INFORMATION PROVIDED Start Marker

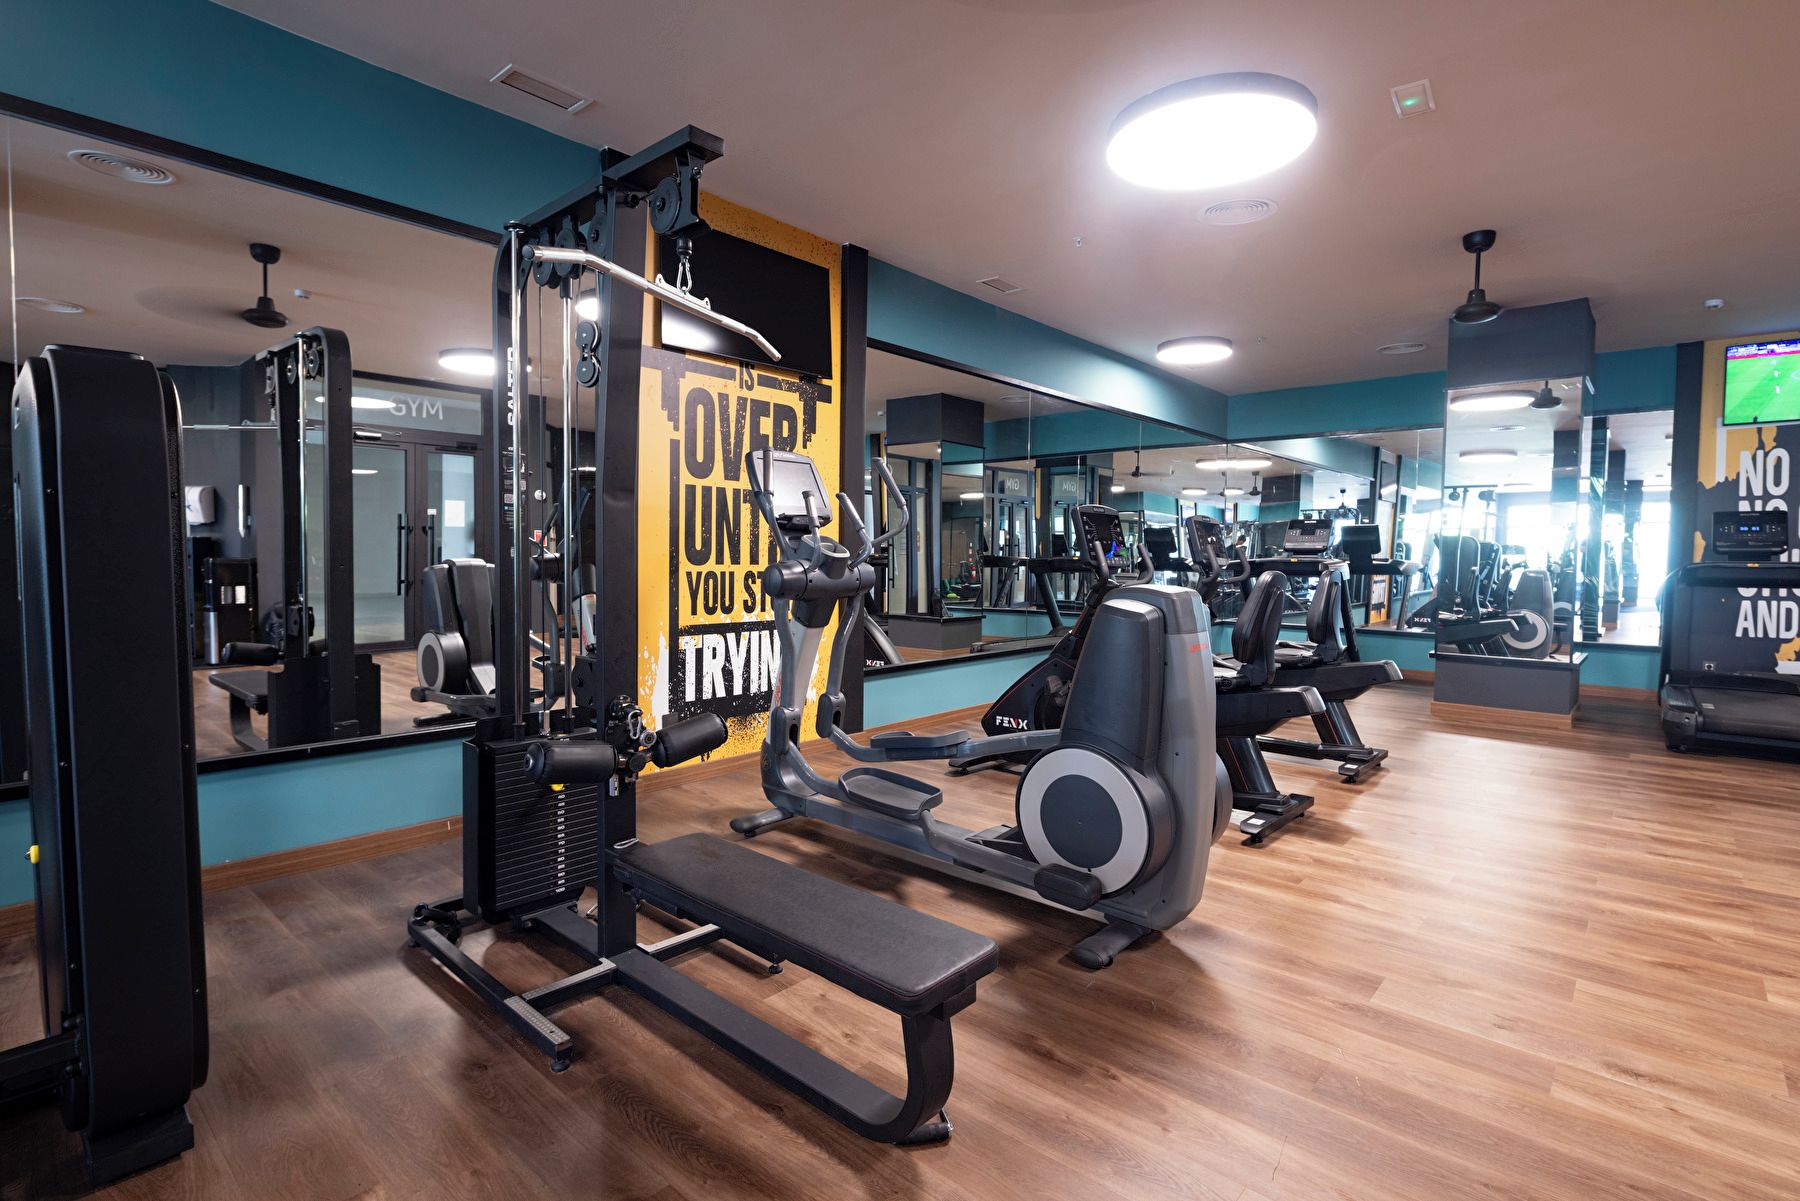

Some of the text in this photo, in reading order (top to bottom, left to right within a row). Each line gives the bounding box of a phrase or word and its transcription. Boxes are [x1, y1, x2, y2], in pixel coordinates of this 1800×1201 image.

[390, 394, 443, 420] GYM
[1738, 447, 1790, 497] NO
[684, 484, 778, 566] UNT
[685, 570, 776, 616] YOU ST
[1735, 600, 1800, 639] AND
[678, 629, 781, 703] TRYIN
[995, 715, 1028, 730] FENX

INFORMATION PROVIDED End Marker

WORK ITEM> Give back every entry in full, exactly as written, with no picture included.

RESPONSE BELOW>
Some of the text in this photo, in reading order (top to bottom, left to right within a row). Each line gives the bounding box of a phrase or word and its transcription. Boxes are [x1, y1, x2, y2], in pixel coordinates of this 1800×1201 image.

[390, 394, 443, 420] GYM
[1738, 447, 1790, 497] NO
[684, 484, 778, 566] UNT
[685, 570, 776, 616] YOU ST
[1735, 600, 1800, 639] AND
[678, 629, 781, 703] TRYIN
[995, 715, 1028, 730] FENX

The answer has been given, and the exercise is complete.